Реклама так нас поразила, что мы едва успели добраться до пристани и избежать взбучки, после которой нам обоим через несколько дней, возможно, потребовалось бы уценённое милосердие мистера Банги. Смерть и похороны, по-видимому, были главной заботой во Фритауне, город кишел болезнями и пестовал их почти как венцы. Но я полагаю, это вполне ожидаемо в столь пагубном климате. Несколько лет спустя, когда меня временно отправили в британский королевский флот в Госпорт, я говорил о Западной Африке с отставным военным моряком, служившим полвека назад во Фритауне на патрульном корабле, боровшимся с работорговцами. Он рассказал, что однажды прочитал в приказе перечень работ на день: «Вахта правого борта сходит в восемь склянок на берег для рытья могил; вахта правого борта работает как обычно, сколачивая гробы».
Мы отчалили из Фритауна семнадцатого июля в такой же жуткий ливень, как тот, который приветствовал наше прибытие.

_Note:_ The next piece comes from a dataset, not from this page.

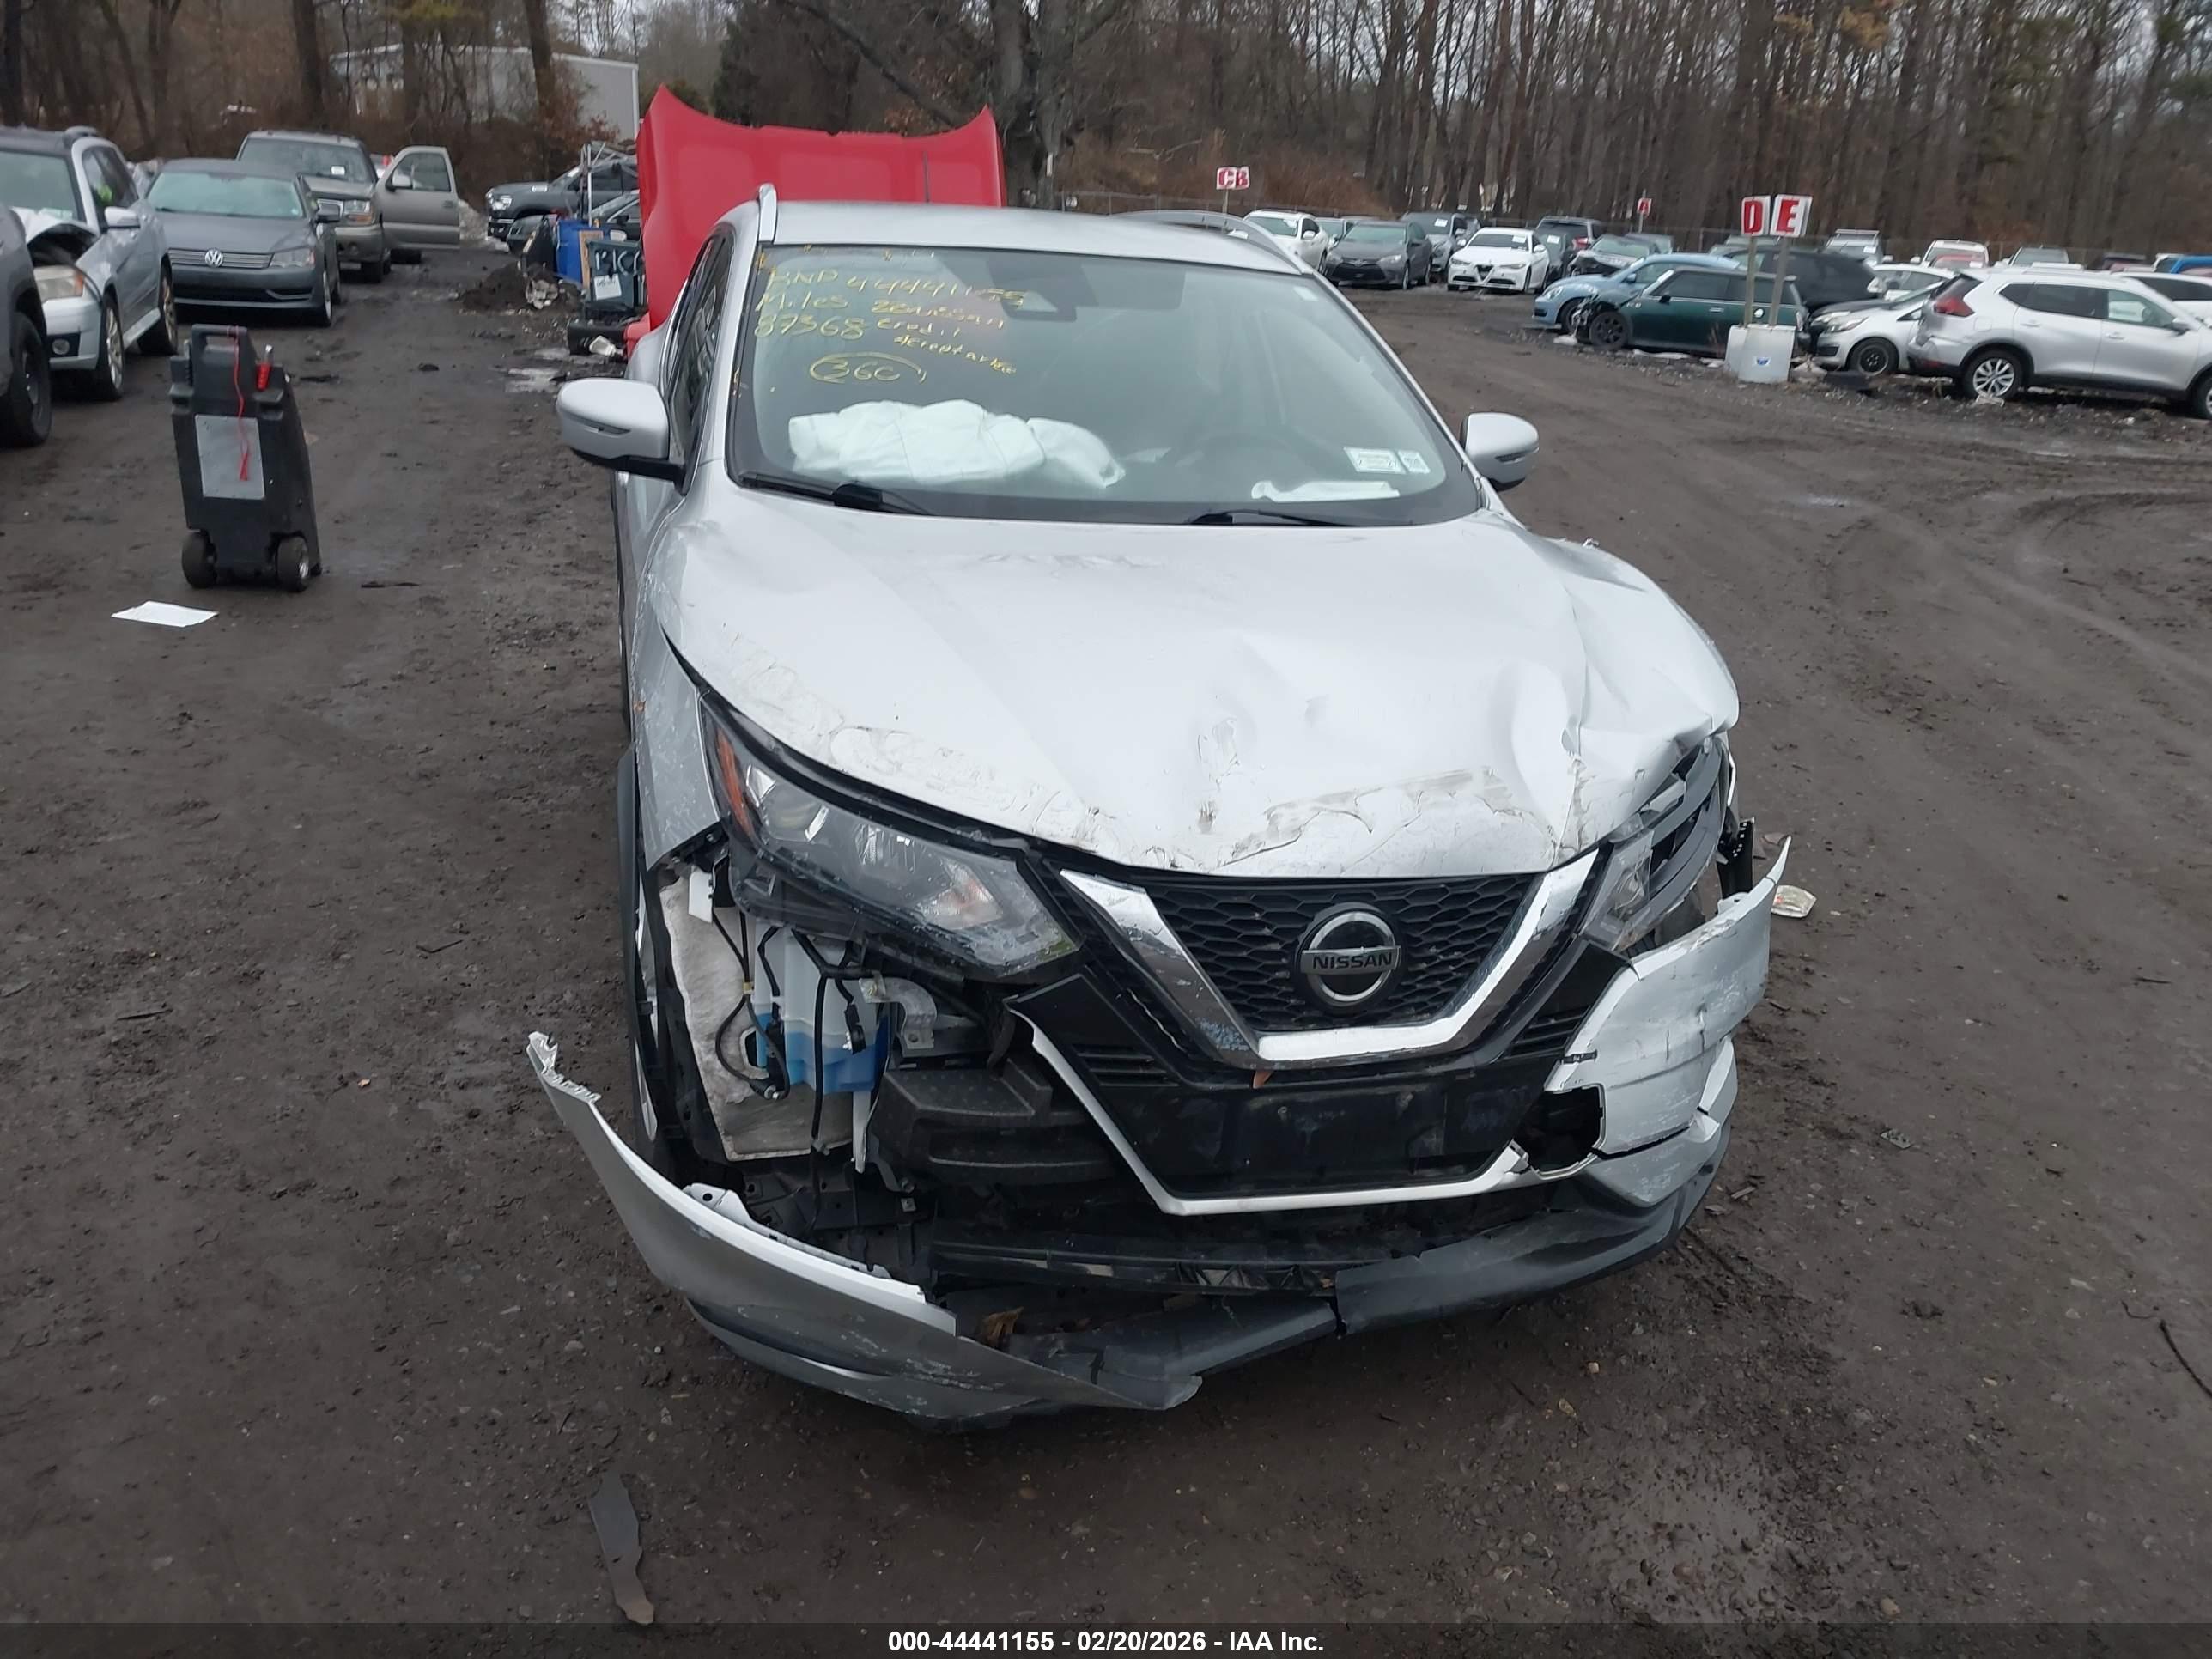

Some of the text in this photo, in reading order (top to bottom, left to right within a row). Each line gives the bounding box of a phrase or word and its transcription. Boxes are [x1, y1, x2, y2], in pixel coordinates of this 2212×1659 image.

[1743, 198, 1800, 234] D E
[1312, 952, 1393, 969] NISSAN

Все благополучно вернулись на борт, и кроме головной боли у многих членов экипажа и взволнованных молодых людей, исследующих себя на наличие первых язв и выделений, кажется, никому не стало хуже из-за этого визита вежливости. За пару часов до отплытия прибыл профессор Сковронек. Как только мы высадились, он отправился вглубь страны с группой из пяти человек и теперь вновь появился со своими помощниками, несущими запертый на висячий замок деревянный ящик. Через пару дней после отплытия с нижней палубы пошли слухи, что в ящике шесть или семь человеческих черепов, которые профессор почистил и разложил по полкам в своей постоянно запертой лаборатории. Это вызвало некоторый испуг: есть у моряков давнее поверье — выход в море с костями мертвецов на борту приносит неудачу.
Во Фритауне мы также обзавелись живым грузом. Эмиссар Министерства иностранных дел граф Минателло высадился на берег на второй день, в белом костюме и огромном тропическом шлеме от солнца со свисающим сзади тканевым клапаном, на всякий случай. Два дня он провел в кишащем тараканами отеле Фритауна и возвратился на борт в сопровождении темнокожего юноши, худого и застенчивого, изящного парня в соломенной панаме, с тростью с золотым набалдашником, моноклем и портсигаром, и ещё вдобавок с ярким тропическим цветком в петлице. Этот таинственный пассажир ничего никому не сказал и, как только появился на борту, скрылся в запасной каюте, где и столовался.
Через камбуз быстро поползли слухи, что этот персонаж на самом деле незаконнорожденный сын нашего капитана, родившийся двадцать пять лет назад от африканской принцессы, когда Старик исследовал Африку. Но эту версию отклонили более сведущие в географии на том основании, что Славец был в Восточной Африке, а не в Западной. В итоге вопрос разрешил Макс Гаусс, который убирал каюту и нашел очень красивую визитную карточку с позолоченными буквами. Надпись ней гласила: «Д-р Бенджамин Солтфиш, магистр искусств (Оксон), доктор философии (Гарвард). Министр иностранных дел объединенного государства побережья Кру». Мы понятия не имели, что он делает на борту корвета. Но точно знали, что в последний день нашего пребывания шифровальные книги достали из судового сейфа, и линиеншиффслейтенант Свобода сошел на берег, чтобы послать массу длинных шифрограмм из почтового отделения на Кисси-стрит. Явно что-то затевалось.